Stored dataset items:
/---
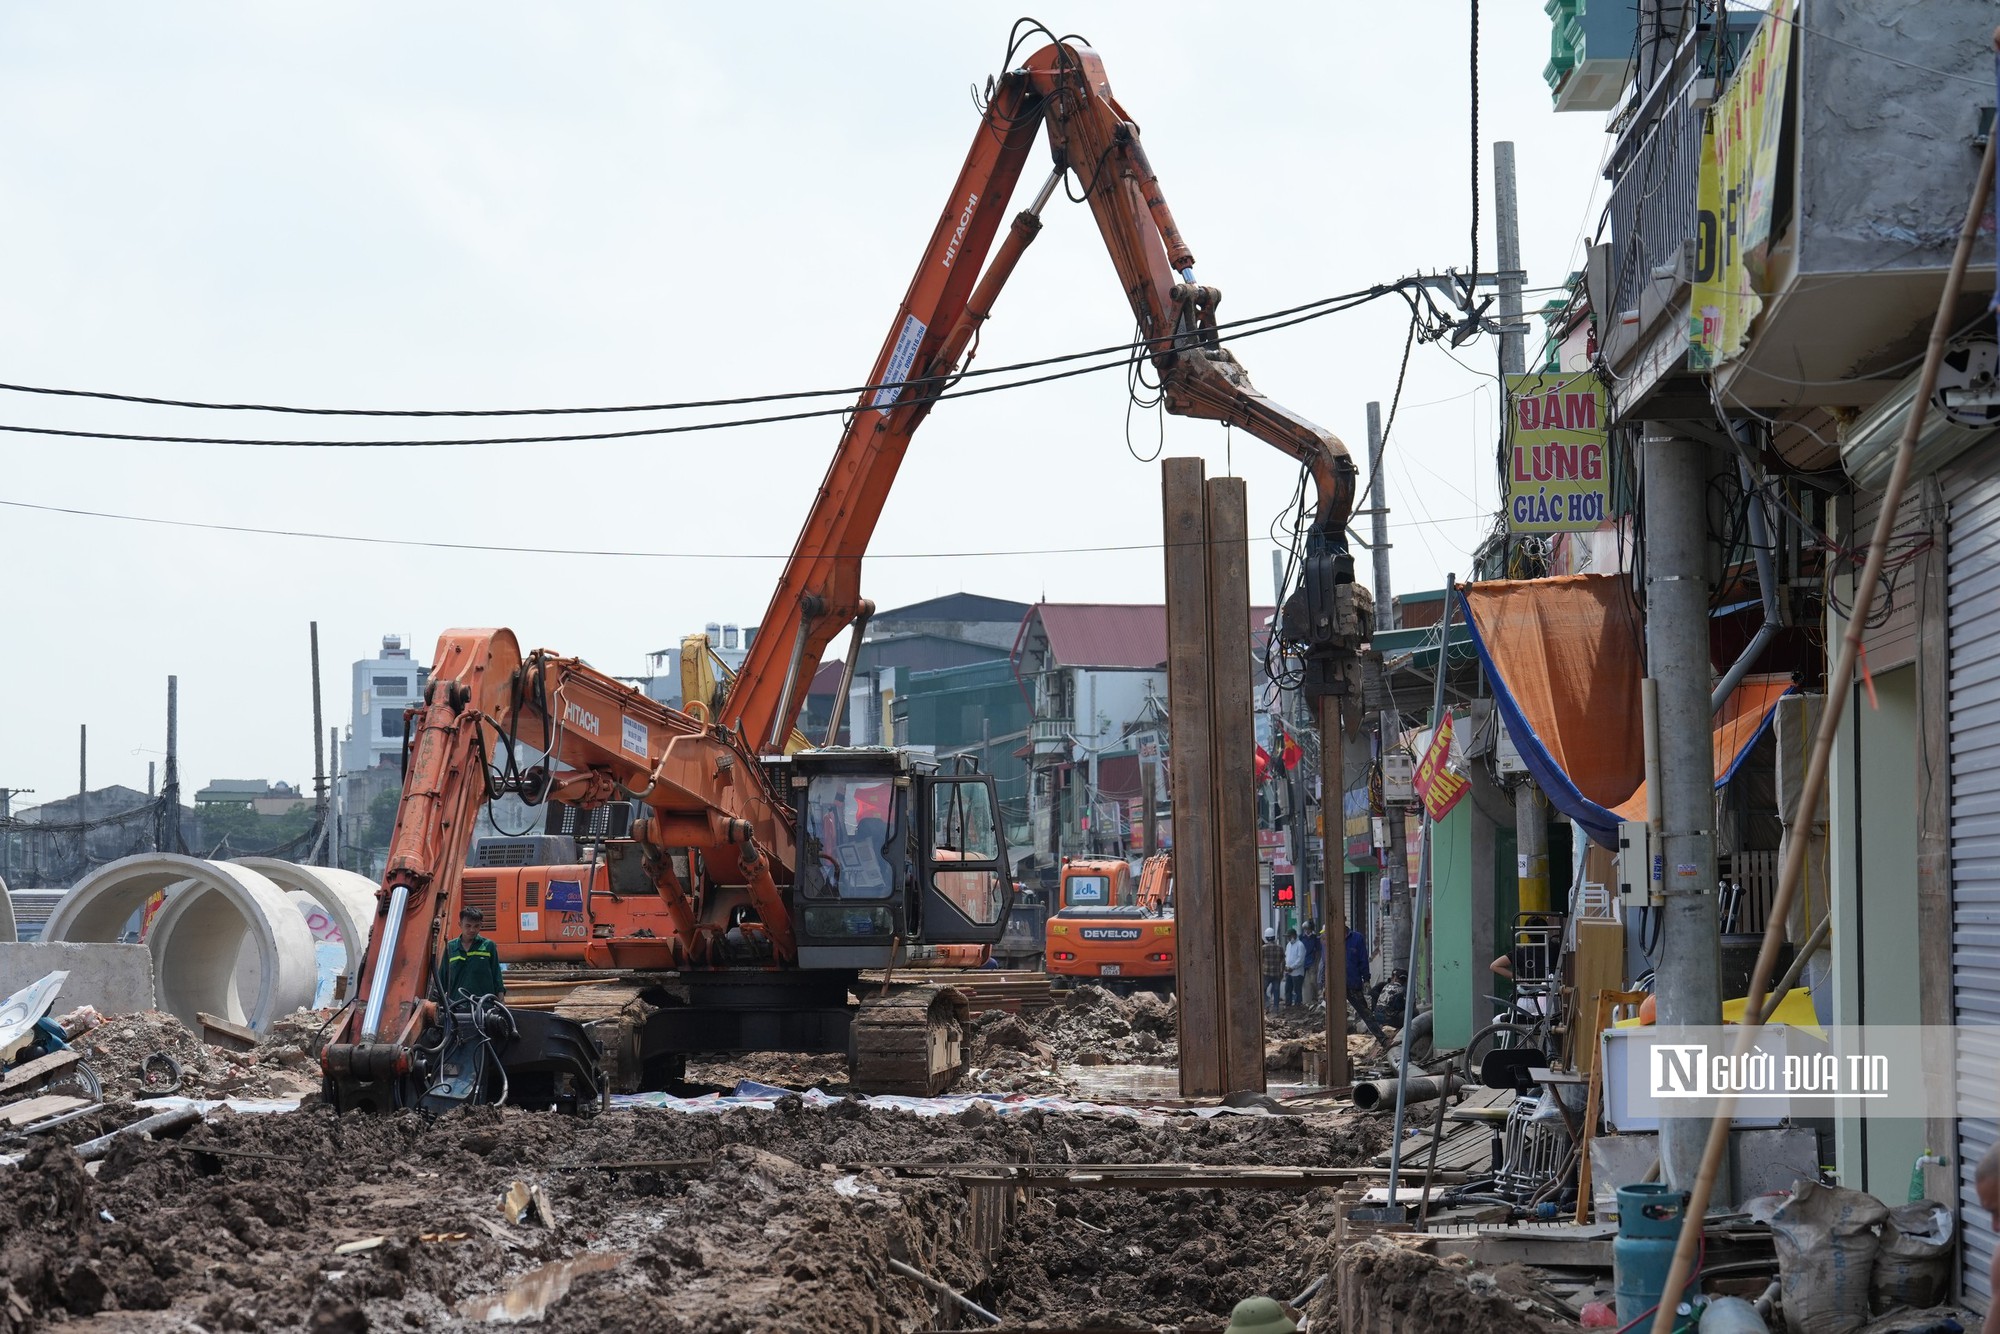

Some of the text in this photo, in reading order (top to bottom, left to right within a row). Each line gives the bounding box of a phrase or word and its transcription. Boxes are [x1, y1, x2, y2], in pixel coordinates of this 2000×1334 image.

[942, 193, 978, 268] HITACHI
[1514, 441, 1602, 482] LƯNG
[1513, 487, 1604, 523] GIÁC HƠI
[566, 700, 600, 737] HITACHI
[562, 925, 586, 937] 470
[1084, 930, 1138, 938] DEVELON
\---
What to produce.
Although the records contain pictures, only their text should be repeated, exactly as it appears.

Answer below.
Some of the text in this photo, in reading order (top to bottom, left to right within a row). Each line gives the bounding box of a phrase or word and its transcription. Boxes are [x1, y1, x2, y2], in pixel coordinates of this 2000×1334 image.

[942, 193, 978, 268] HITACHI
[1514, 441, 1602, 482] LƯNG
[1513, 487, 1604, 523] GIÁC HƠI
[566, 700, 600, 737] HITACHI
[562, 925, 586, 937] 470
[1084, 930, 1138, 938] DEVELON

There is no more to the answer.